P _n : n-th order Legendre polynomial

なお、従来の手法では、上述の音圧ｐ_ｍをそれぞれのマイクロホン１１について取得し、所謂ビームフォーミング法を用いて目的音源の抽出を行うのに対し、本実施形態の音源抽出システムにおいては、従来のビームフォーミング法とは異なる手法で目的音源の抽出を行う点が特徴的である。この点の詳細については後述する。 In the conventional method, the sound pressure p _m of the above-obtained for each of the microphones 11, while the extraction of the target sound source by using a so-called beam forming method, the signal extraction system of the present embodiment, conventional It is characteristic that the target sound source is extracted by a method different from the beam forming method. Details of this point will be described later.

本実施形態の音源抽出システムでは、図１のマイクロホンアレイ１を複数個用いることで、所謂アレイオブアレイズ（array of arrays）を構成する。各マイクロホン１１及び各マイクロホンアレイ１はサンプリング同期させる必要がある。図２は、本実施形態の音源抽出システムにおける複数のマイクロホンアレイ１の配置例を示している。図２では、理解の容易のため、ＸＹ座標で表される領域ＡＡに配置される音源抽出システムを想定しているが、実際の音源抽出システムはＺ方向も含む３次元空間に構成される。図２の例では、抽出領域Ａを含む矩形状の領域ＡＡのうち、抽出領域Ａの外部における４つの角部に対称的に配置された４つのマイクロホンアレイ１（ａ）、１（ｂ）、１（ｃ）、１（ｄ）を示している。この場合、各々のマイクロホンアレイ１がＮ個ずつのマイクロホン１１を有する場合、全部で４Ｎ個のマイクロホン１１が存在することになる。なお、それぞれのマイクロホンアレイ１の設置位置は自由に定めることができるが、できるだけ位置が偏らないよう、抽出領域Ａの外縁部の近傍に分散配置することが望ましい。 In the sound source extraction system of the present embodiment, a so-called array of arrays is configured by using a plurality of microphone arrays 1 of FIG. Each microphone 11 and each microphone array 1 must be sampling-synchronized. FIG. 2 shows an arrangement example of a plurality of microphone arrays 1 in the sound source extraction system of the present embodiment.
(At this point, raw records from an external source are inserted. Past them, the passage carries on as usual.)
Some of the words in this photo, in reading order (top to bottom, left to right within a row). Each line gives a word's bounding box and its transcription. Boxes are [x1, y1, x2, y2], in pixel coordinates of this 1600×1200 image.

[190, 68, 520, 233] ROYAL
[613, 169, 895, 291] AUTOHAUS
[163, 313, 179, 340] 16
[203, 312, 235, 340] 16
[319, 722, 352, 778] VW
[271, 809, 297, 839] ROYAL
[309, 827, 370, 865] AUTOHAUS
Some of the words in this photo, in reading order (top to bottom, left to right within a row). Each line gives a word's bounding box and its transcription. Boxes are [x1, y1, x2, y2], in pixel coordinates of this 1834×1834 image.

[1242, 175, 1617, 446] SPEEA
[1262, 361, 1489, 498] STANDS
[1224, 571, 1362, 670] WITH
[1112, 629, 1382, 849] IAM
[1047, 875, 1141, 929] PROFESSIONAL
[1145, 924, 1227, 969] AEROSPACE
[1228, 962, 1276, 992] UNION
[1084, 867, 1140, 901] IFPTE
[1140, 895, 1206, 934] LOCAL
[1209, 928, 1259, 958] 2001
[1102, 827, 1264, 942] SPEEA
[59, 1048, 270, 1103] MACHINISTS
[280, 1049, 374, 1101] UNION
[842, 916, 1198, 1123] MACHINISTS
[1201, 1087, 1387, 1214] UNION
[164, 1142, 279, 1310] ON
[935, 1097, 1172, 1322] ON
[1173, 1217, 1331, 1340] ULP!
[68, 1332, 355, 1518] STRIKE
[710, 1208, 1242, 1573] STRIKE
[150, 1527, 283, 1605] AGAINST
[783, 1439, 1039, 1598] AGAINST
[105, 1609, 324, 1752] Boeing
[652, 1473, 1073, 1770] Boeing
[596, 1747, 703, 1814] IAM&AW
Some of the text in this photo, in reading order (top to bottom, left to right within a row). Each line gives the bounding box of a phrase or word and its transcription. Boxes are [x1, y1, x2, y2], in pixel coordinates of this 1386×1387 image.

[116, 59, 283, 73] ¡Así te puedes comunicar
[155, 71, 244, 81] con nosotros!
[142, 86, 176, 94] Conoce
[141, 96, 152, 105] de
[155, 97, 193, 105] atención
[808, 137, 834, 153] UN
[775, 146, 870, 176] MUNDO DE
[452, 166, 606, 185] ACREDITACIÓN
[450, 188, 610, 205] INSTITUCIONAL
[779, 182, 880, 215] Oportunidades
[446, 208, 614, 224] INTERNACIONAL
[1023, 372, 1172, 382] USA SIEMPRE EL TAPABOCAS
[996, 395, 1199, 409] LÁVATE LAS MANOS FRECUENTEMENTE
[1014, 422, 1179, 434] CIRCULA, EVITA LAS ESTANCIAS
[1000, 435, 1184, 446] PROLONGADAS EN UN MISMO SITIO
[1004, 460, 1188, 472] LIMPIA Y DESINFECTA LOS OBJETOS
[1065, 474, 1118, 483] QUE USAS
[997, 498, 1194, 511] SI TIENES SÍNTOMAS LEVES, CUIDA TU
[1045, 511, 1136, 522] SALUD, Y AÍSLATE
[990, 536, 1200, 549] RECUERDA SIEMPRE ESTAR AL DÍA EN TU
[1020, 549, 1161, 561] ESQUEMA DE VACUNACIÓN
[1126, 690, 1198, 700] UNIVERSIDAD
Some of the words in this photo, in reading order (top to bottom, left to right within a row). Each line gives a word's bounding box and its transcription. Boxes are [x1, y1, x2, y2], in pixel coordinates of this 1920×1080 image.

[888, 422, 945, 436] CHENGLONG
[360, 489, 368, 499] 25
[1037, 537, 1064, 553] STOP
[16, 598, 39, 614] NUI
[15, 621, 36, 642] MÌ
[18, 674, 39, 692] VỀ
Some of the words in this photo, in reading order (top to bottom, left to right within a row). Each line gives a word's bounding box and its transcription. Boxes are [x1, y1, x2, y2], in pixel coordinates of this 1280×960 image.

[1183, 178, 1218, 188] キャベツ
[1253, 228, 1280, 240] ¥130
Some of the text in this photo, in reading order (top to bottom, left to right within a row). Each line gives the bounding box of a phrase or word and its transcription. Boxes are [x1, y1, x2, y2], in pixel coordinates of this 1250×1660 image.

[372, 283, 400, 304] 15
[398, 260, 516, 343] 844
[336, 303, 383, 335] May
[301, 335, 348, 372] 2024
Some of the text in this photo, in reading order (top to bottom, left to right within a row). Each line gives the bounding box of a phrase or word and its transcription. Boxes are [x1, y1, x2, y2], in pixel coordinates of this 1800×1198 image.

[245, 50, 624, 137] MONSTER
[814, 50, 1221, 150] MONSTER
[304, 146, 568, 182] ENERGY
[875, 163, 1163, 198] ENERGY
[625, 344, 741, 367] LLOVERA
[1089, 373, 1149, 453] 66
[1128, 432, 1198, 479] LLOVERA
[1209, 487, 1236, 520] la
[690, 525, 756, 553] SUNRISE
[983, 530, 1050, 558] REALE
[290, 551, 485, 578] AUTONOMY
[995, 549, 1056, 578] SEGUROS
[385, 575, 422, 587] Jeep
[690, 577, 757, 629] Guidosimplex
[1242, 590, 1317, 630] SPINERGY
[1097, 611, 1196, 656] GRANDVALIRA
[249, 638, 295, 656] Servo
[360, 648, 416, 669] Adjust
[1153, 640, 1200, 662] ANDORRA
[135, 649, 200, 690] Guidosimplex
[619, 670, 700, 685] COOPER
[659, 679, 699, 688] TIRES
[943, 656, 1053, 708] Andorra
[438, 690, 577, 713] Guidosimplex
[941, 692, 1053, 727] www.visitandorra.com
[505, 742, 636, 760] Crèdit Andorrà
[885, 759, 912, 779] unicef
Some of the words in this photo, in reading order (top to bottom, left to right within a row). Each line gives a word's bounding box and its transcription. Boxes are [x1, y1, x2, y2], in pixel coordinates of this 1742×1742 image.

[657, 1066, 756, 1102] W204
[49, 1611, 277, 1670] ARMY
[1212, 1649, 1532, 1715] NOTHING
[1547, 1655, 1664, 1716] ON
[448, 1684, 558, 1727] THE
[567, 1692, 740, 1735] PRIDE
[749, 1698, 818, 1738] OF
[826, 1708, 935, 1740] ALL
In FIG. 2, for the sake of easy understanding, the sound source extraction system arranged in the area AA represented by the XY coordinates is assumed, but the actual sound source extraction system is configured in a three-dimensional space including the Z direction. In the example of FIG. 2, among the rectangular areas AA including the extraction area A, four microphone arrays 1 (a), 1 (b), which are symmetrically arranged at four corners outside the extraction area A, 1 (c) and 1 (d) are shown. In this case, when each microphone array 1 has N microphones 11, there are 4N microphones 11 in total. In addition, although the installation positions of the respective microphone arrays 1 can be freely determined, it is desirable to disperse them in the vicinity of the outer edge of the extraction region A so that the positions are not biased as much as possible.

抽出領域Ａは、Ｘ方向及びＹ方向に沿って等間隔に配置された直線群により多数のグリッドＧ（本発明の単位領域）を構成する。そして、抽出すべき目的音源を含む１又は２以上の音源の各々は、抽出領域ＡのいずれかのグリッドＧに点音源として配置されると仮定し、そのグリッドＧの位置に基づいて各音源から個々のマイクロホン１１に至る伝達関数による音源抽出の演算処理が行われる。なお、具体的な演算処理については後述する。ここで、抽出領域Ａ内におけるグリッドＧのサイズ及び個数は特に制約されないが、演算量と空間分解能に応じて適切に設定される。すなわち、抽出領域Ａ内において、グリッドＧが小さ過ぎると演算量が増加し、グリッドＧが大き過ぎると空間分解能が足りずに音源同士の分離が難しくなるので、グリッドＧを適度なサイズに設定する必要がある。 The extraction area A constitutes a number of grids G (unit areas of the present invention) by a group of straight lines arranged at equal intervals along the X and Y directions. Then, it is assumed that each of one or more sound sources including the target sound source to be extracted is arranged as a point sound source in any grid G of the extraction region A, and based on the position of the grid G, Calculation processing of sound source extraction by a transfer function reaching each microphone 11 is performed. Specific calculation processing will be described later. Here, the size and number of grids G in the extraction region A are not particularly limited, but are appropriately set according to the calculation amount and the spatial resolution. That is, in the extraction area A, if the grid G is too small, the amount of computation increases. If the grid G is too large, the spatial resolution is insufficient and separation of sound sources becomes difficult, so the grid G is set to an appropriate size. There is a need.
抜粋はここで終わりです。